=== Provided entries ===

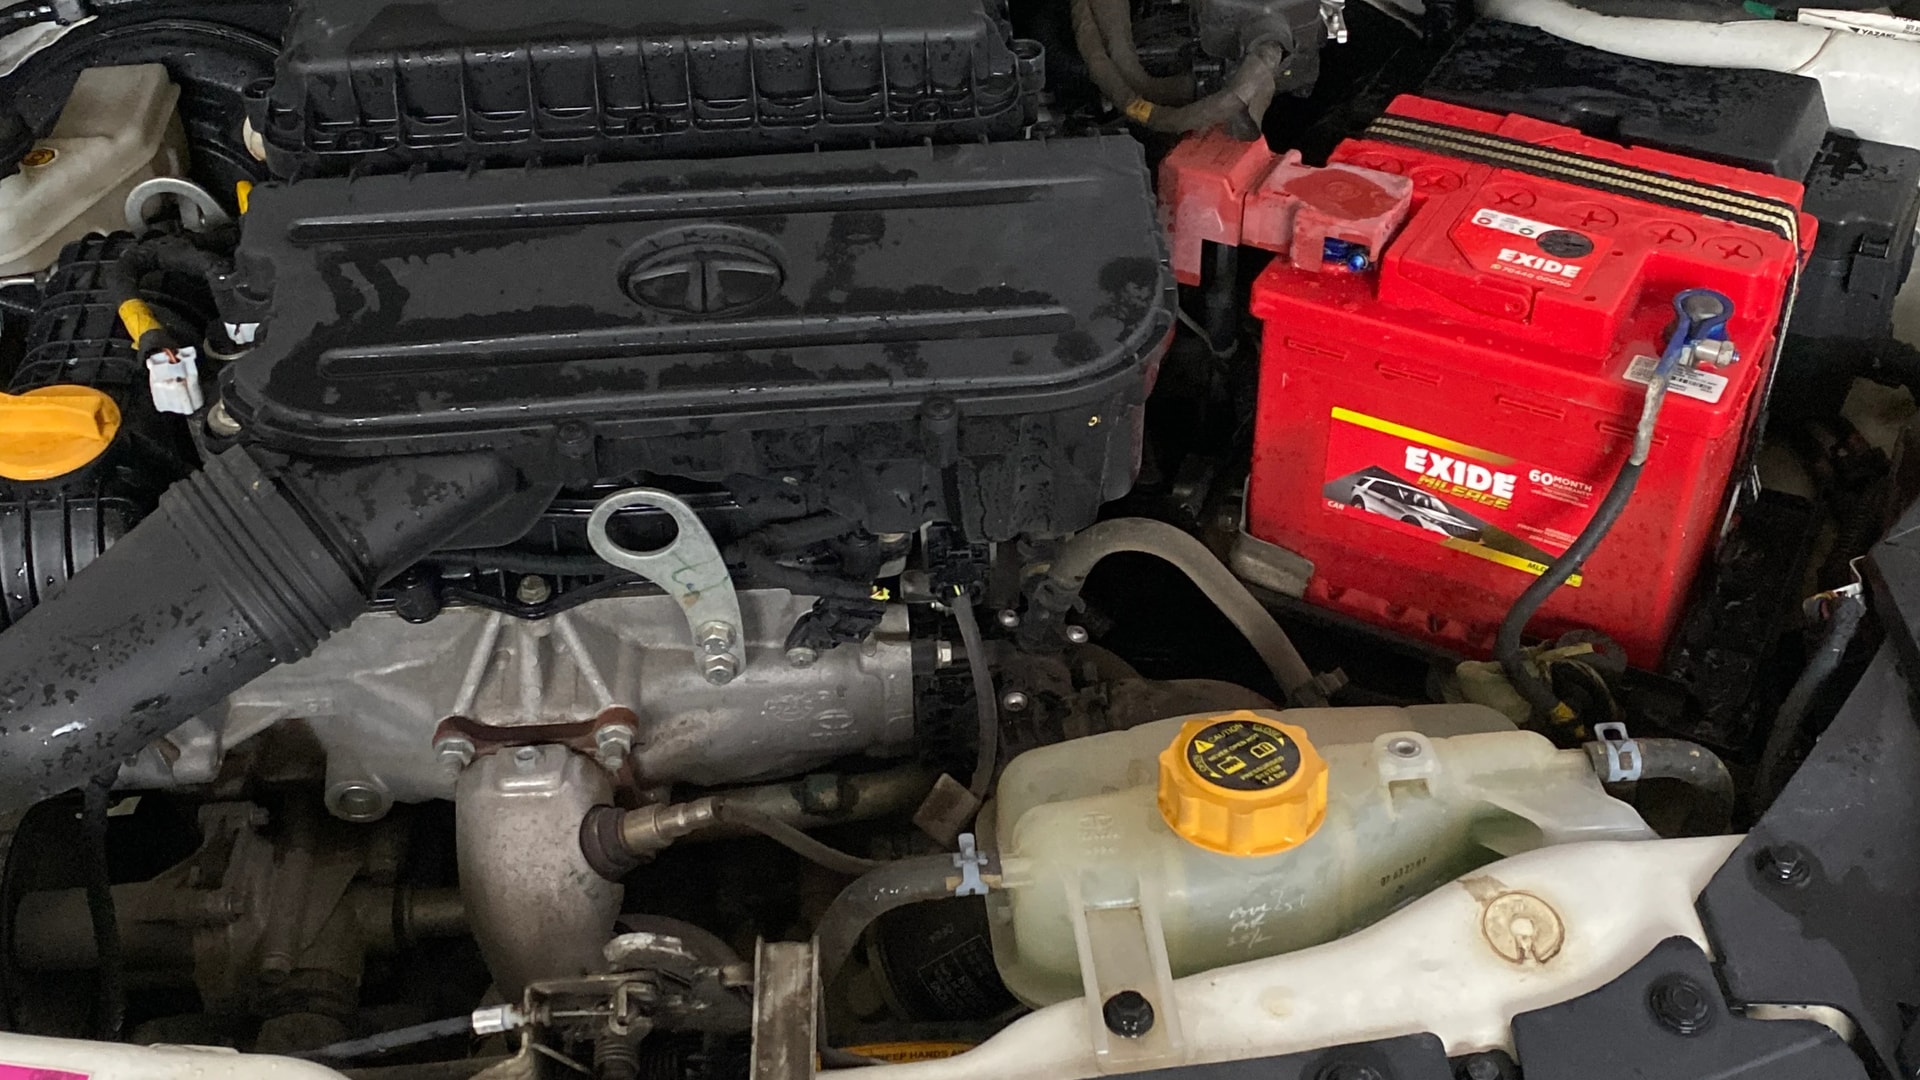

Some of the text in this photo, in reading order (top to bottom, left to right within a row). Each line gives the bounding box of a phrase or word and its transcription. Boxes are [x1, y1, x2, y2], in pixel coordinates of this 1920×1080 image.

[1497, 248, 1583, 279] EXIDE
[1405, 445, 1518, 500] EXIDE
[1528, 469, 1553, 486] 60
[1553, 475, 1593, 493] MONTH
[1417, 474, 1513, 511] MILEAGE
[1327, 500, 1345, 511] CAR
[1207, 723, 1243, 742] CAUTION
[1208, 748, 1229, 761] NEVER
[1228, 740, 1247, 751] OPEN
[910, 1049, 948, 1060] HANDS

===

Without including any picture, repeat the data exactly.

→ **Written reply**:
Some of the text in this photo, in reading order (top to bottom, left to right within a row). Each line gives the bounding box of a phrase or word and its transcription. Boxes are [x1, y1, x2, y2], in pixel coordinates of this 1920×1080 image.

[1497, 248, 1583, 279] EXIDE
[1405, 445, 1518, 500] EXIDE
[1528, 469, 1553, 486] 60
[1553, 475, 1593, 493] MONTH
[1417, 474, 1513, 511] MILEAGE
[1327, 500, 1345, 511] CAR
[1207, 723, 1243, 742] CAUTION
[1208, 748, 1229, 761] NEVER
[1228, 740, 1247, 751] OPEN
[910, 1049, 948, 1060] HANDS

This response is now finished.